### Your assignment
Exactly reproduce all the records, keeping pictures out of the copy.

### Records for processing

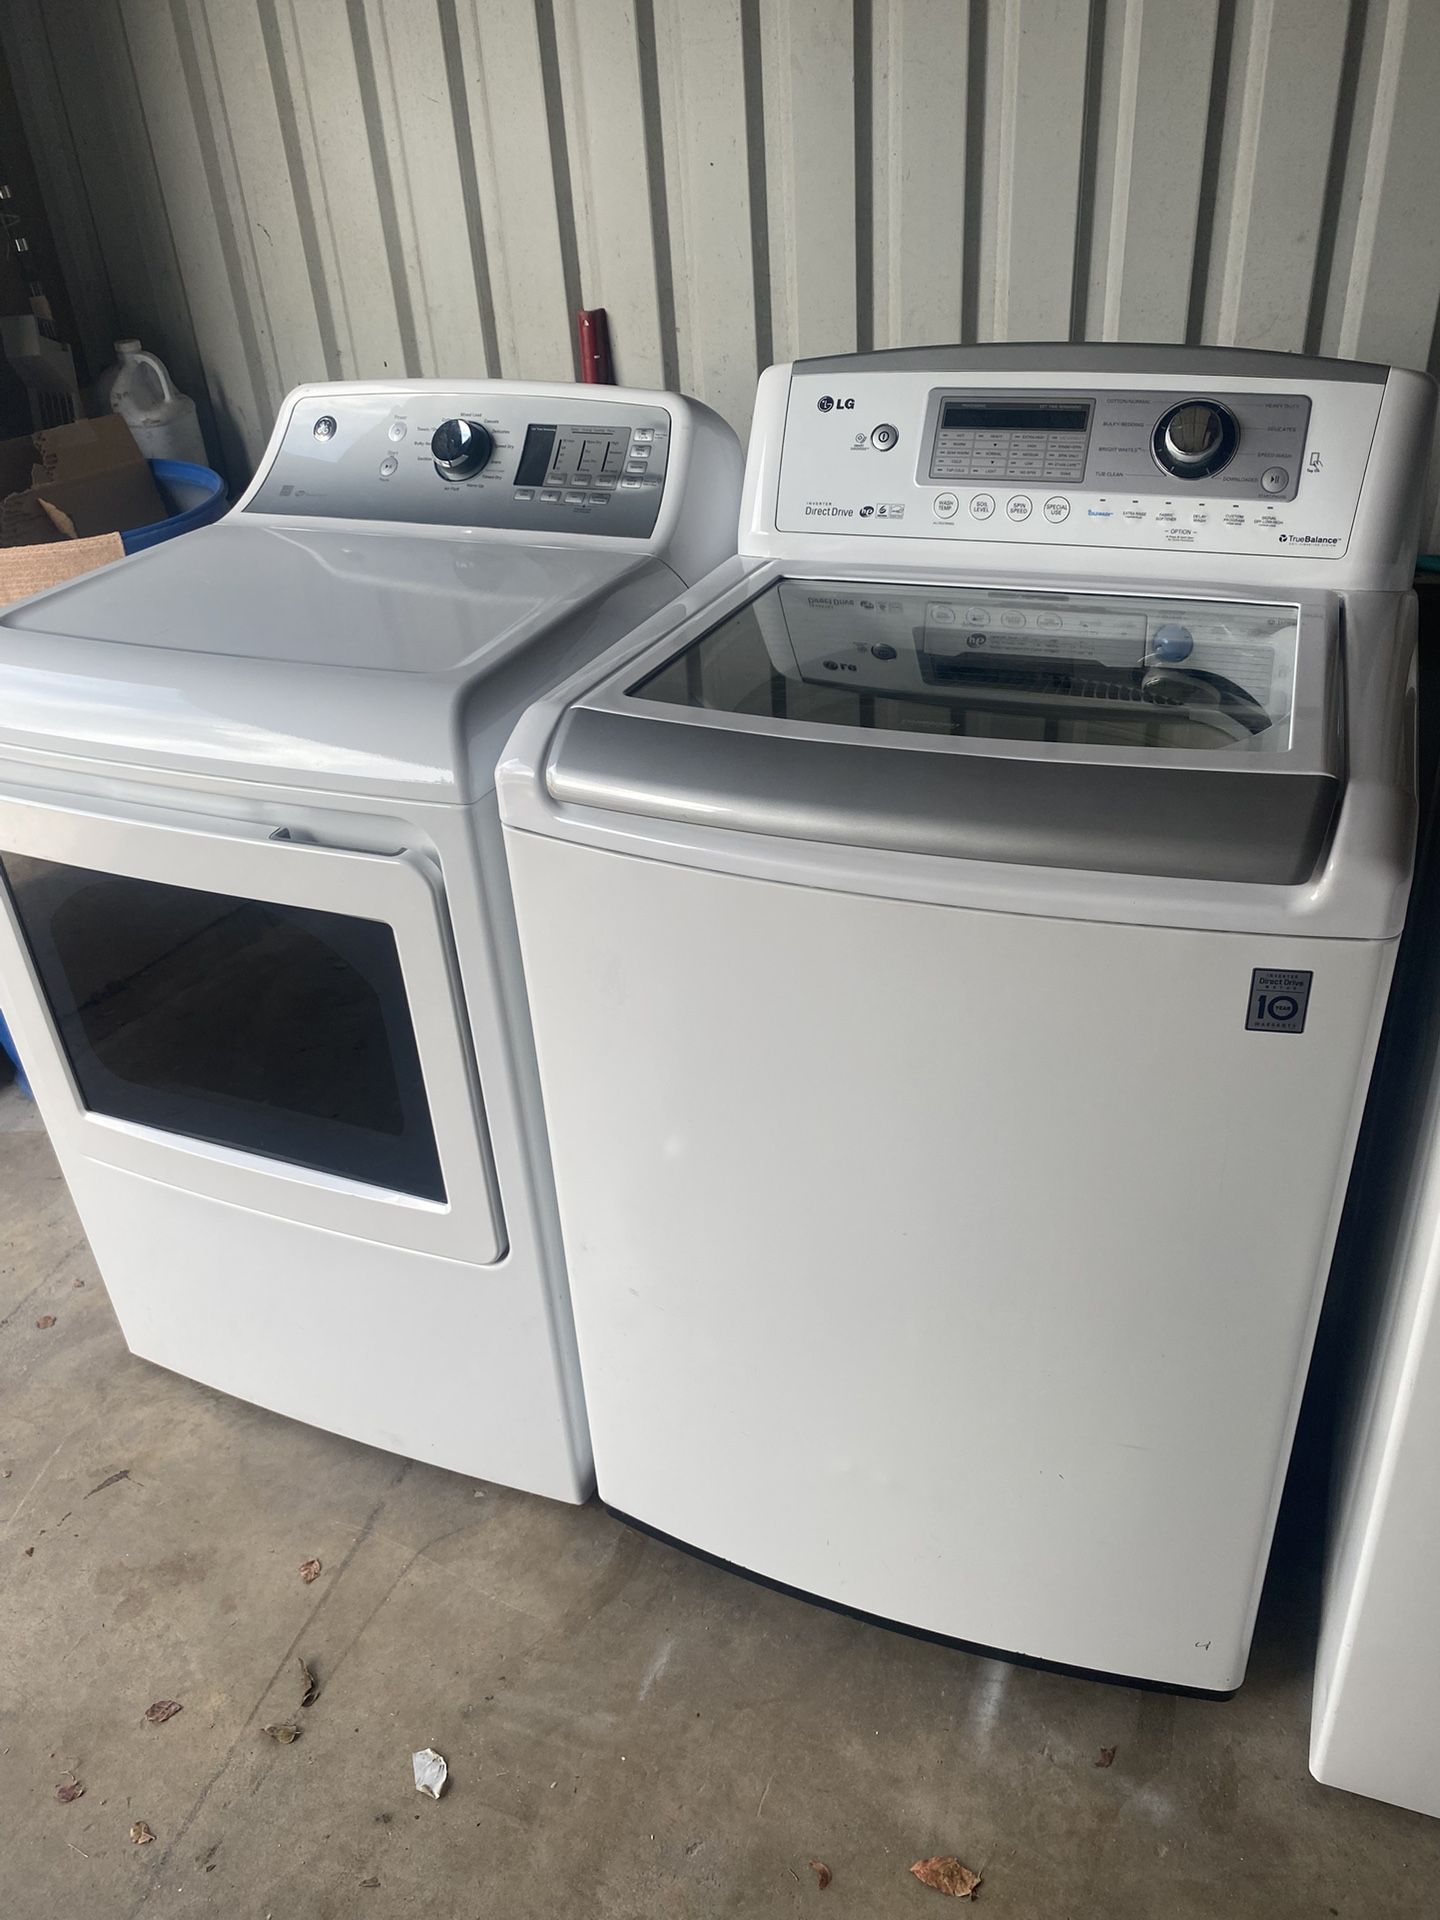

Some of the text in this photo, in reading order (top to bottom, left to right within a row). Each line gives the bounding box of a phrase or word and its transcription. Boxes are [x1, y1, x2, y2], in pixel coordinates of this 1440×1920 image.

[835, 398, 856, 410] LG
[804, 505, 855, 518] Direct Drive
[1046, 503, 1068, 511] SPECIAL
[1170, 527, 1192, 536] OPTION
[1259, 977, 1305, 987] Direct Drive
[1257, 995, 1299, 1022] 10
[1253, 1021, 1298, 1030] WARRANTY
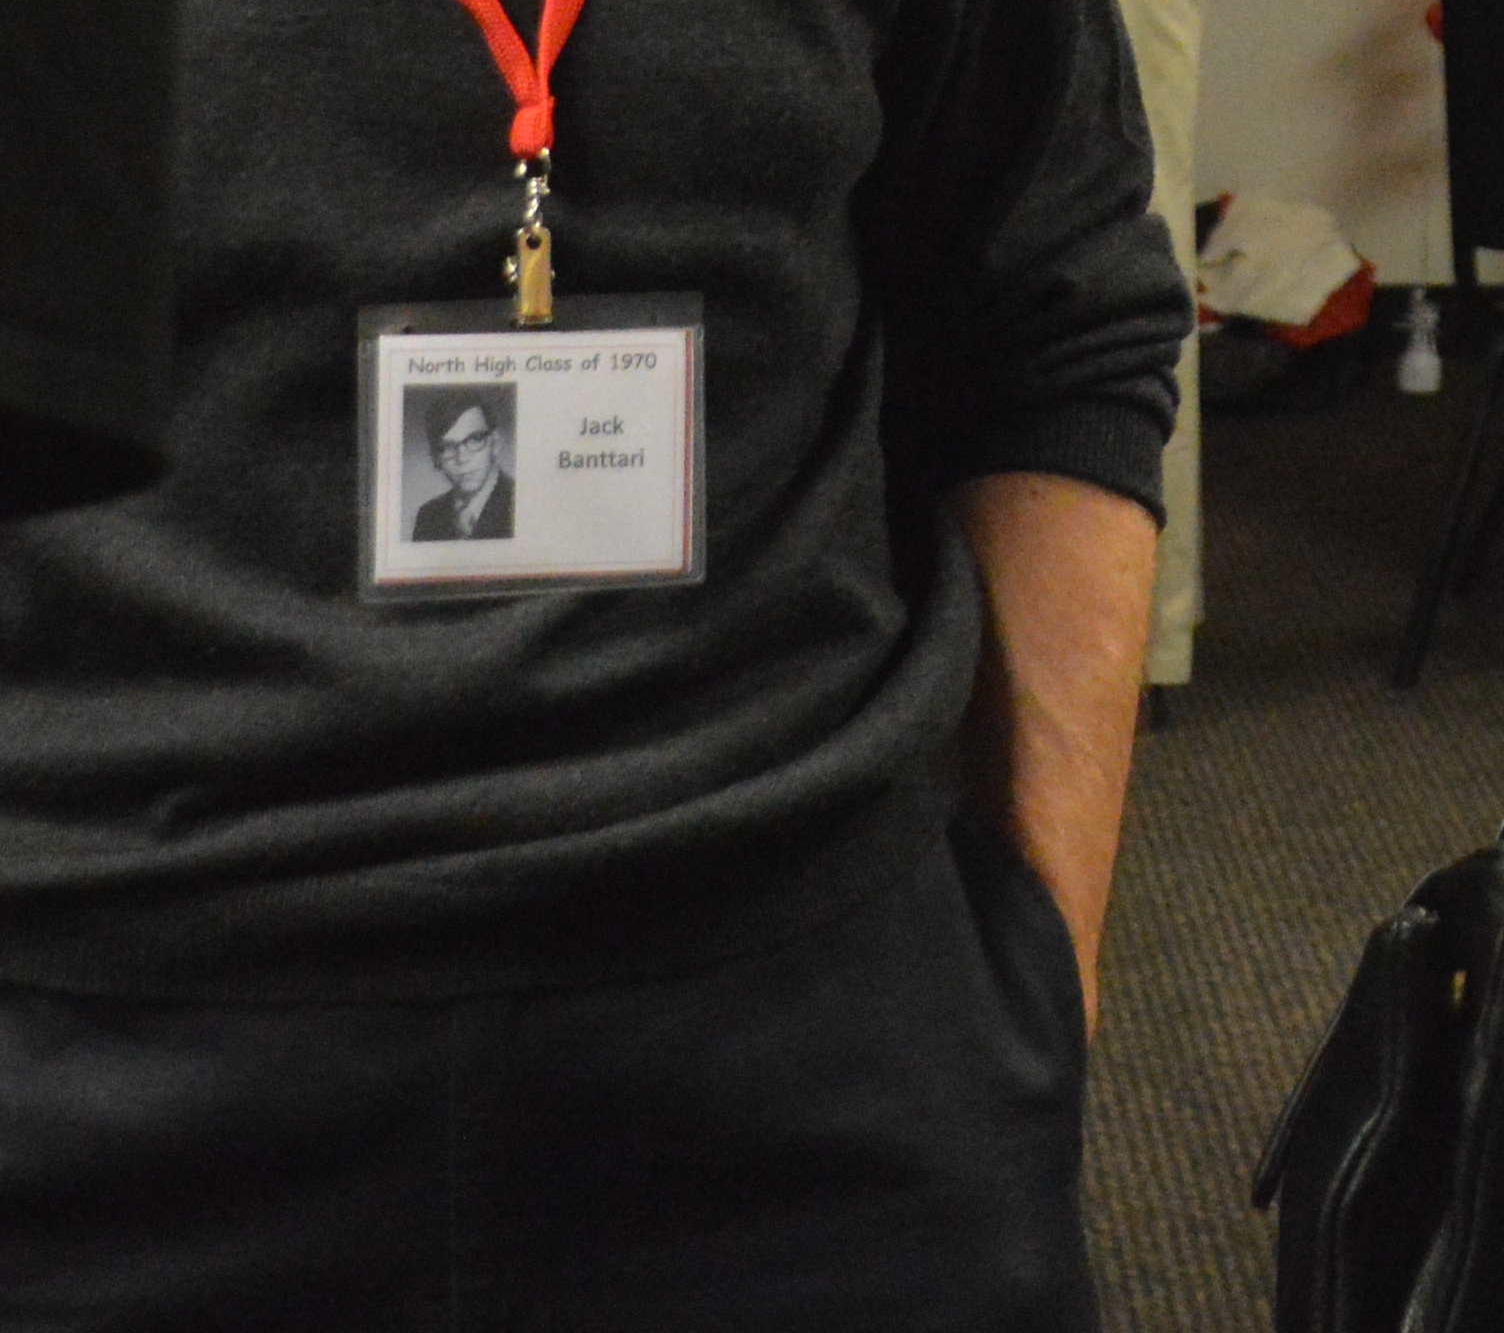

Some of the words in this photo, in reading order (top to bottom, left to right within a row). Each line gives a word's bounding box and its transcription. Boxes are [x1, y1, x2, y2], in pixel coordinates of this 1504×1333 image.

### Answer to the exercise
Some of the text in this photo, in reading order (top to bottom, left to right within a row). Each line gives the bounding box of a phrase or word and its transcription. Boxes are [x1, y1, x2, y2], in pixel coordinates of this 1440×1920 image.

[835, 398, 856, 410] LG
[804, 505, 855, 518] Direct Drive
[1046, 503, 1068, 511] SPECIAL
[1170, 527, 1192, 536] OPTION
[1259, 977, 1305, 987] Direct Drive
[1257, 995, 1299, 1022] 10
[1253, 1021, 1298, 1030] WARRANTY

Some of the words in this photo, in reading order (top to bottom, left to right within a row). Each line gives a word's bounding box and its transcription. Boxes are [x1, y1, x2, y2], in pixel coordinates of this 1504×1333 image.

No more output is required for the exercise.